The new web tools just entering into wide use are beginning to fulfill the web’s promise to make it possible for anyone to publish. It will be some time before anyone really knows how this shift will affect the world of fiction writers, I can guess at some of it: More fiction will be available, published on the web. No doubt the great mass of it will be badly written, but the total amount of really good writing available out there will increase as well, as there are significantly more good writers out there than old modes of production could support.
Like everything else, the question will be how to locate the good stuff. And in a world where great fiction is available for free, it’s going to be increasingly difficult to find economically viable models to to support yourself via fiction writing. At the same time, the opportunities for connecting to and finding meaningful support from communities of writers will increase tremendously.
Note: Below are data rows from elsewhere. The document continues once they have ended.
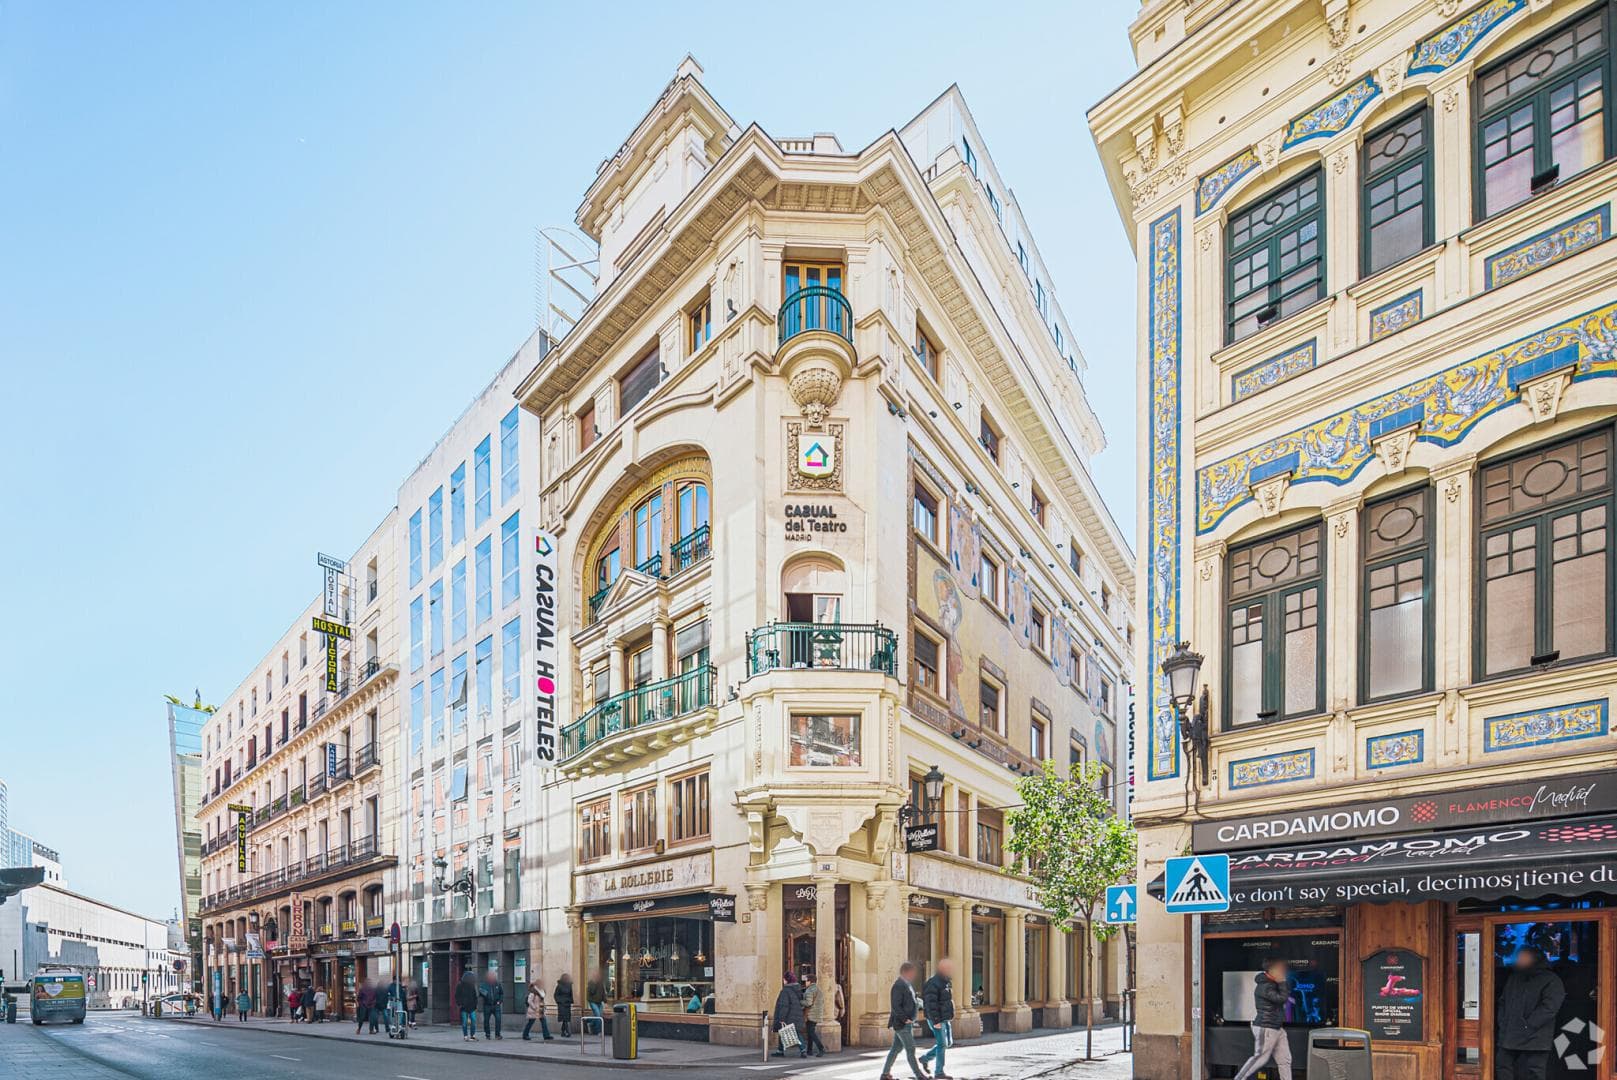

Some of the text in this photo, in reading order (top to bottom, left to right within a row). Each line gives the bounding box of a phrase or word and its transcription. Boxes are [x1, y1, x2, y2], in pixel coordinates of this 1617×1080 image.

[785, 505, 837, 518] CASUAL
[785, 519, 847, 533] del Teatro
[785, 534, 812, 542] MADRID
[319, 556, 343, 570] ASTORIA
[327, 568, 335, 613] HOSTAL
[313, 619, 351, 638] HOSTAL
[328, 635, 337, 686] VICTORIA
[536, 564, 555, 762] CASUAL HOTELES
[1217, 783, 1596, 843] CARDAMOMO FLAMENCO Madrid
[238, 817, 246, 868] AGUILAR
[605, 878, 617, 891] LA
[1299, 886, 1331, 902] say
[1336, 877, 1410, 900] special,
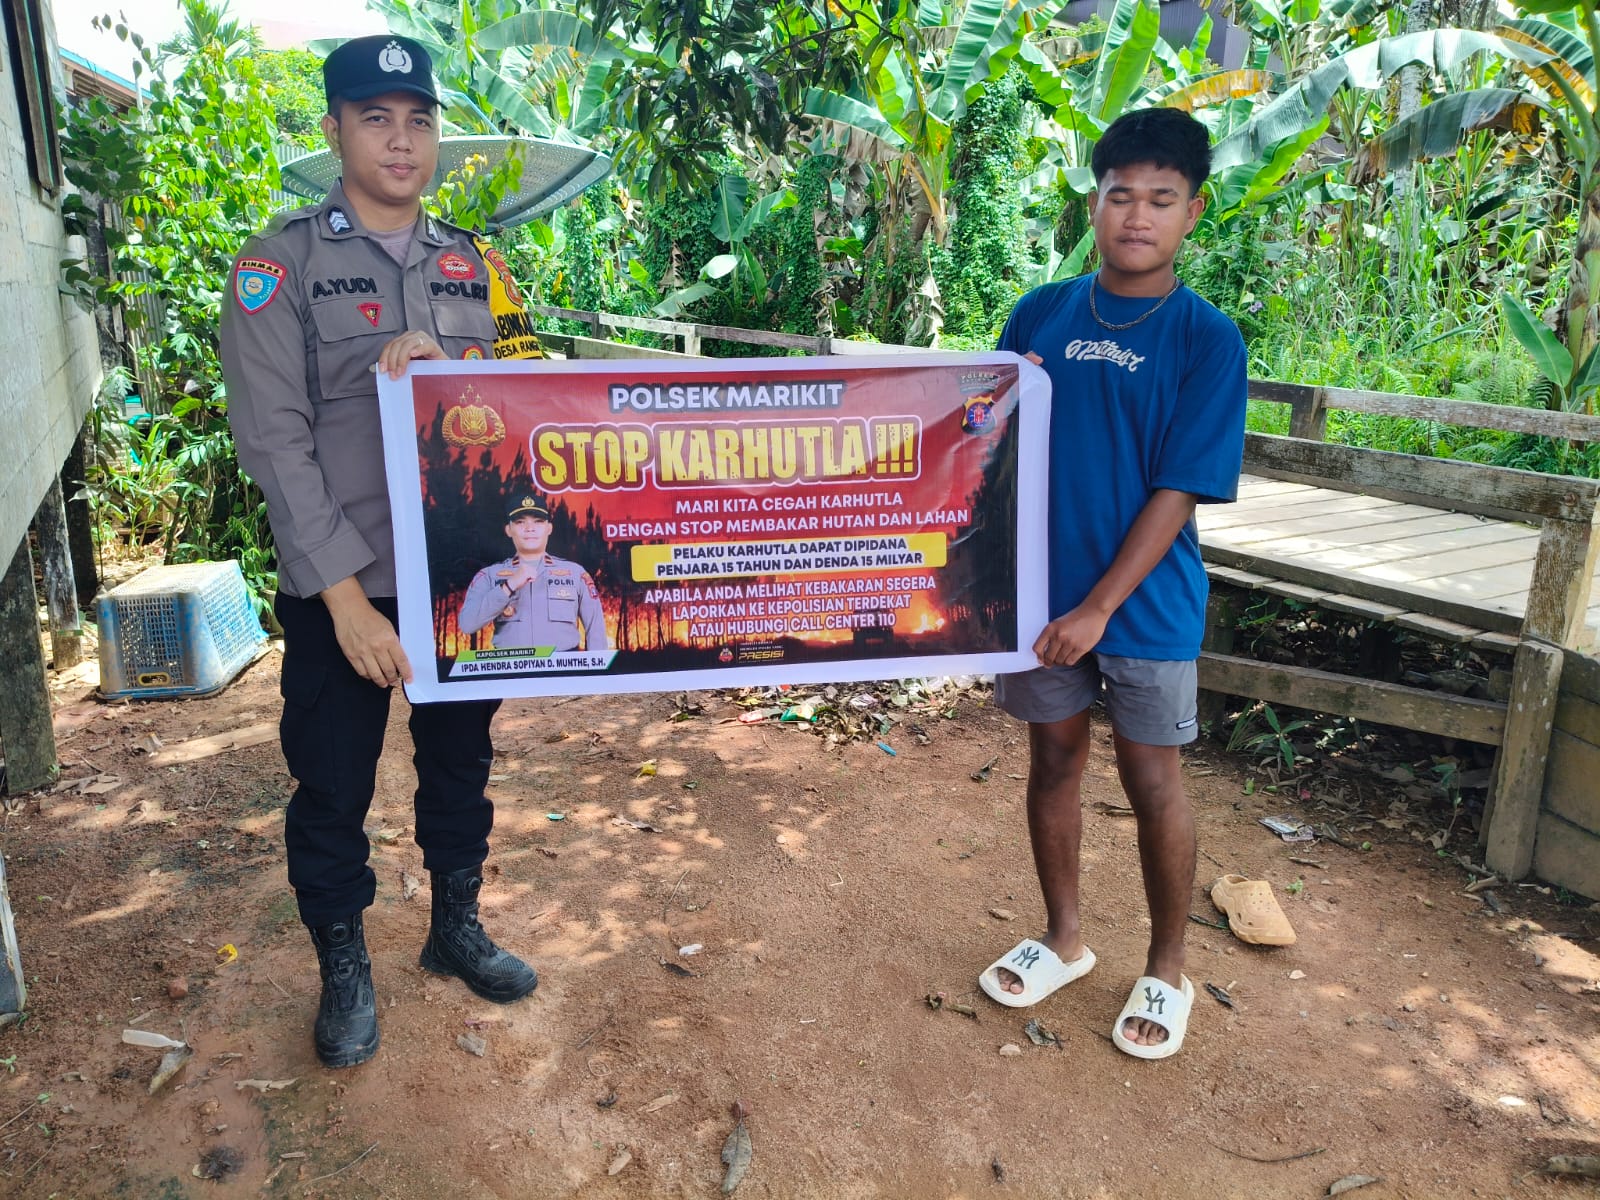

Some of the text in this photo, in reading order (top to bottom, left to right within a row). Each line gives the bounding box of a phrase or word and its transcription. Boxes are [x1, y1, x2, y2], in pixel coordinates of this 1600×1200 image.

I was lucky enough as an undergraduate to be adopted by a group of graduate students who’d formed a writing group, and this provided me with my first sense of how writers might help one another improve their writing. While graduate school soured me on the writing workshops in general, I did make meaningful friendships with people who’ve greatly influenced my writing. I’m fascinated by how emerging web tools might support these kinds of connections.
How, then, to sort through all of this and fold it into a sensible class…?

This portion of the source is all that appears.